Maybe it’s a French thing, that you’re always alert of what’s coming next, or you’re just anticipating what’s coming… I think we just can’t help ourselves… When Proust talks about his grandmother, she comes home, and when she arrives, he’s already sad because it means she’s going to stay there a little, and then she’s going to leave. So the moment he recalls is the anticipation, when she’s not really there, and I think I can really relate to that… It doesn’t help your daily life, but it does enhance creativity, and the fact that you’re constantly in this melancholic state. But this is an optimistic record… the layers of… the chord modulation, the lyrics.
Do you find that as time goes on, this optimism becomes a consciously political statement of, “we’ll make it through”, or is it purely stylistic?
It wasn’t meant to be… because we’re not good at statements in general… A lot of people think this is one, so I guess it could be. We were nervous when we made this record because, when bad things happen in the world, when you’re a citizen of the world… [you] act. You enter the resistance. And it’s not that we don’t want to do it, we just know we’re bad at it. The four of us, growing up, making music… it was a stream of consciousness… It’s always chemistry, it’s never calculated. We’ve always found that this has more depth, and personality, and tells more truth about us.
My personal favourite track is Fior Di Latte, primarily because it was so reminiscent of my experiences travelling overseas, falling in love with the city and the people.
I’m very glad it’s your favourite, because it’s my favourite too. I remember them looking at me like, “Are we really going to have a chorus that’s just ‘Fior di latte’?”, because it’s really awkward… We loved the sound of it and we didn’t want to change it… It’s my favourite song to play live so far.
In addition to working on this new album, Phoenix has also been building the soundtrack for your wife Sofia’s upcoming film, The Beguiled. What can you tell us about the soundtrack and the film?

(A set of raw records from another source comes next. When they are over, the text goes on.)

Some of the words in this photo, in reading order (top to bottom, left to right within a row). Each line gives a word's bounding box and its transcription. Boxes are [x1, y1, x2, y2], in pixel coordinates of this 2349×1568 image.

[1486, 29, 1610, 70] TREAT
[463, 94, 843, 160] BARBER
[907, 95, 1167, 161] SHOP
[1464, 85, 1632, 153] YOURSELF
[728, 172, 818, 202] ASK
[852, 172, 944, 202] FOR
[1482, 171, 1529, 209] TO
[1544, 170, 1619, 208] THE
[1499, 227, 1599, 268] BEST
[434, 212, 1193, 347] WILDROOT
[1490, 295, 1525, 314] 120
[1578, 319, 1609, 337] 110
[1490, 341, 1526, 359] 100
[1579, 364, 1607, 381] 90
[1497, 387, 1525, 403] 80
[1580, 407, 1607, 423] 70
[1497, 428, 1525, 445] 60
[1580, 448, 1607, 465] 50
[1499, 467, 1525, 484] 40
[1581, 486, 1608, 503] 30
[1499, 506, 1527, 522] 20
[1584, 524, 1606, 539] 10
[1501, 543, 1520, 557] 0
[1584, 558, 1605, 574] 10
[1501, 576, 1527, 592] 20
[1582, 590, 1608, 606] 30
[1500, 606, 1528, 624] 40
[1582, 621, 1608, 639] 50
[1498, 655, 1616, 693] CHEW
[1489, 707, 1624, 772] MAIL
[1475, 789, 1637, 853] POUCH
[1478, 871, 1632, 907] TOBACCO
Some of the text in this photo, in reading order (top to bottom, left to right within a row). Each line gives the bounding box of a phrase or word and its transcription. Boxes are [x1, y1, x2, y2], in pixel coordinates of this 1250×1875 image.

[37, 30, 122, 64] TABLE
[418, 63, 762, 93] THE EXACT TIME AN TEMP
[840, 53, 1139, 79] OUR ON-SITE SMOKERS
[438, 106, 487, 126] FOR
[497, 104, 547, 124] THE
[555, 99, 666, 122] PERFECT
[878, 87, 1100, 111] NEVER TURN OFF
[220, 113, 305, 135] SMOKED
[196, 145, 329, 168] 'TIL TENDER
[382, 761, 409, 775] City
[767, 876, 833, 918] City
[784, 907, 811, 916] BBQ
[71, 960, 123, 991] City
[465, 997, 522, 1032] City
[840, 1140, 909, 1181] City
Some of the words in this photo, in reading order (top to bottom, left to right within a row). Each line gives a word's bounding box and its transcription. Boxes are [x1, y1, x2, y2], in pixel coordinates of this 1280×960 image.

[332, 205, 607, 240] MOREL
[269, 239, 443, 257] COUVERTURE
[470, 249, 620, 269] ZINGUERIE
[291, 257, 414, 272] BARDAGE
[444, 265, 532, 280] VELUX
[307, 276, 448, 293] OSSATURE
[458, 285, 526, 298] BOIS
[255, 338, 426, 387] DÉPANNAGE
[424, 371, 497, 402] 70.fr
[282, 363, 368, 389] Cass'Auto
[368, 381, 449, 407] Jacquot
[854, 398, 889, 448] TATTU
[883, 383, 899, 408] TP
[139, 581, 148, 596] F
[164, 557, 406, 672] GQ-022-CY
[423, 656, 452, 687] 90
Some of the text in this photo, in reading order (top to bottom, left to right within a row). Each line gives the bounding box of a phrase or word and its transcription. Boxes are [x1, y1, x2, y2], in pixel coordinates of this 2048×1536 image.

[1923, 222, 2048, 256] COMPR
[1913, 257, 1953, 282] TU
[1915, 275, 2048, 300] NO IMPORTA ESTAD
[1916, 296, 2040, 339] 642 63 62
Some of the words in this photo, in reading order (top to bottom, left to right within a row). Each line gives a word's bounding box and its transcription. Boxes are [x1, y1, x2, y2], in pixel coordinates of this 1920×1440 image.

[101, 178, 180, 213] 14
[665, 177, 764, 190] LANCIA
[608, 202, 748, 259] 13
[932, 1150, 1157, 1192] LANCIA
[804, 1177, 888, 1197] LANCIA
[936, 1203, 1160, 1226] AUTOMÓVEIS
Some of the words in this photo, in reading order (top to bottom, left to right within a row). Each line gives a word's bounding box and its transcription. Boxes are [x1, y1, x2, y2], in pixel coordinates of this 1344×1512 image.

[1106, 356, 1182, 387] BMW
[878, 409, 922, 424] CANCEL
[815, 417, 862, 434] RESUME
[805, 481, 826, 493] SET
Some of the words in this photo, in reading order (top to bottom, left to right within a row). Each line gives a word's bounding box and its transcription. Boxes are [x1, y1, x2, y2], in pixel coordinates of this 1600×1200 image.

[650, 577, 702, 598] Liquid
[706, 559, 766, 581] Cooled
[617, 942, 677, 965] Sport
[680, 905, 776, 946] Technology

It’s in Cannes right now. When I saw the first references for the movie… Sofia, she knows exactly what she wants. She’s pretty remarkable when she gives her references, and they will work exactly with the tone and the atmosphere of the movie. She knew she wanted synths, she knew she wanted dark synths… there’s something contemporary about it. There’s always a gap… music helps to make it feel more contemporary. To show her personality. The first two things we tried were the ones that worked right away… the first harmonies, those long notes, and slow chord changes… We spent a lot of time working on it, slowing it down, and just changing the pace of it. It’s really fun when you match with the visuals, and then suddenly, things make sense, and they shouldn’t make sense because they don’t come from the same… it’s not the music of the time. Scoring a film can be difficult… We got lucky right away.
I have to say, us Australian fans were disappointed when we realized the world tour didn’t include us. Any hints as of when we can expect to see you guys visit us here down under?
I think early 2018. We’re still trying to figure out where… the bad news is you have to be patient, but the good news is when we come down, the shows we’ll be playing will be much better than the ones right now [Laughs].